While not a direct result of the fees, one thing that this study points to is that bad habits developed in college can linger far beyond your time on campus. For the 1 in 3 students who have made a late payment on credit cards, those missed payments will affect your credit, and stay on your credit report for a long time. And on top of that, credit cards are charging interest on the balance, which can be high for first-time card holders.

What can parents and students do to avoid these fees?

The first thing that everyone should do – student or adult alike – is to create a budget. If you know how much money you are working with, and you make a plan to allocate your money appropriately, whether it be each month or each week, you will be starting off on the right foot.

When it comes to overdraft fees, the obvious solution is to not overdraft your account. You can avoid this by getting low-balance text alerts or emails to give you a warning that you are running low on funds. You can also decide you do not want overdraft protection. Overdraft coverage is simply a credit line provided by the bank to pay for items when your account does not have sufficient funds. The bank then charges you an overdraft fee. Because federal rule requires this service to be opt-in, not opt-out, you can decline coverage.
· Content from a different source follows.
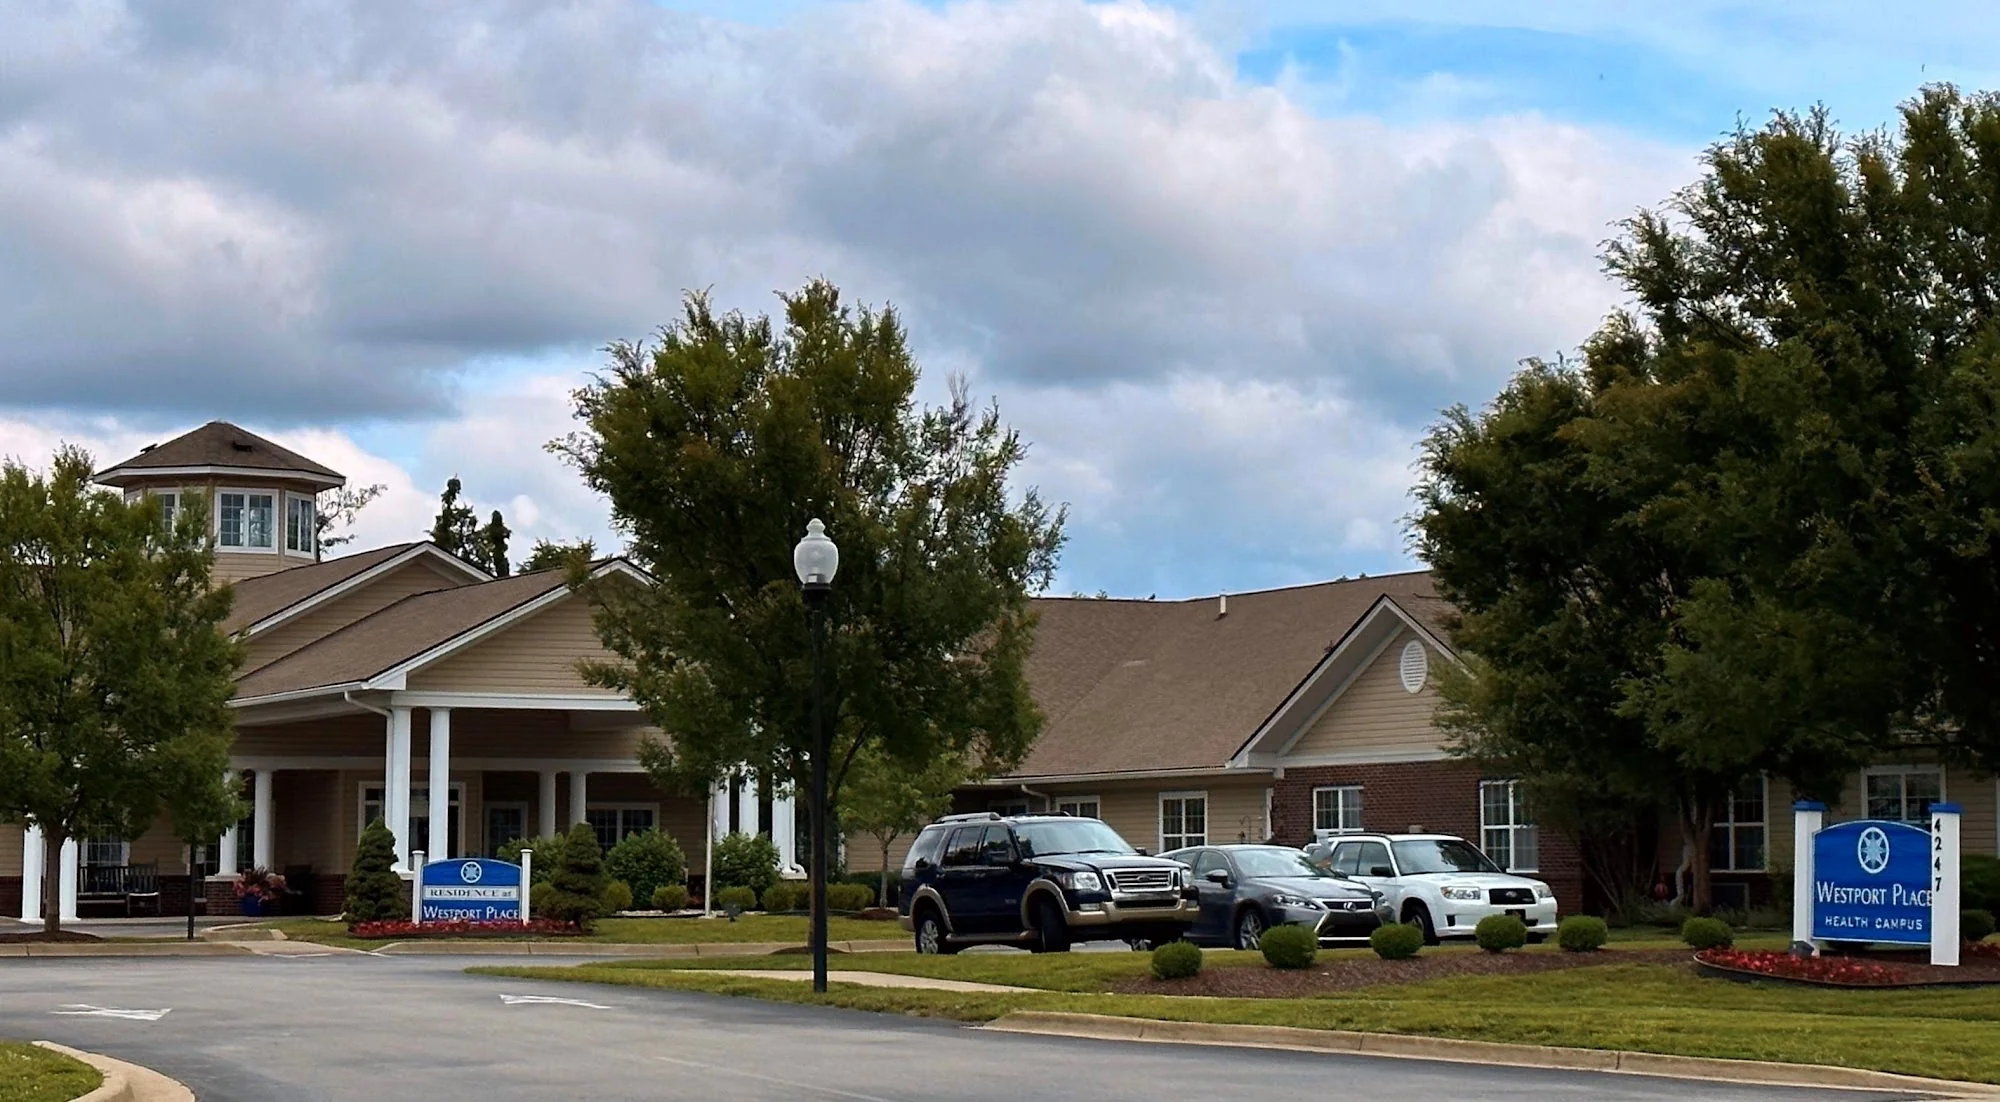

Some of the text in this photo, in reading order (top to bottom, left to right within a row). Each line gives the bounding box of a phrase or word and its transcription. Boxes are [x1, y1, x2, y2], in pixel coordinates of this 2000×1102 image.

In this case, your card will be declined when you try to buy something or make an ATM withdrawal without enough money. But be careful. Some banks will hit you with an insufficient funds charge in this situation, so you want to make sure you inquire about that.

Do all banks have overdraft fees and charges?

Great question! No, not all banks have these charges. Some simply do not have them, and others cap charges at a certain amount. If you are comfortable with not having a bank brand, NerdWallet suggests parent and students explore the options of online banks, which can be less expensive and more forgiving than banks with a physical presence.

What about credit cards. What is the best way to approach this for college students?

The best way for parents to handle it is not to give a college student a credit card, especially if they have not had one before college. And students should not sign up for them in college. NerdWallet cites an Experian study that found soon-to-be graduates had an average of $2,573 in credit card debt. However, if the goal is to build a credit score and have a card in the event of emergencies, the best way to go about it is to either use the card for certain monthly expenses, like a phone bill, and pay it every month, or to use a secured card that is backed by a cash deposit. Both options allow for you to build a credit history. But whatever you do, do not run up your credit card balance and make minimum payments or late payments. That is a recipe both for high late fees, and low credit scores.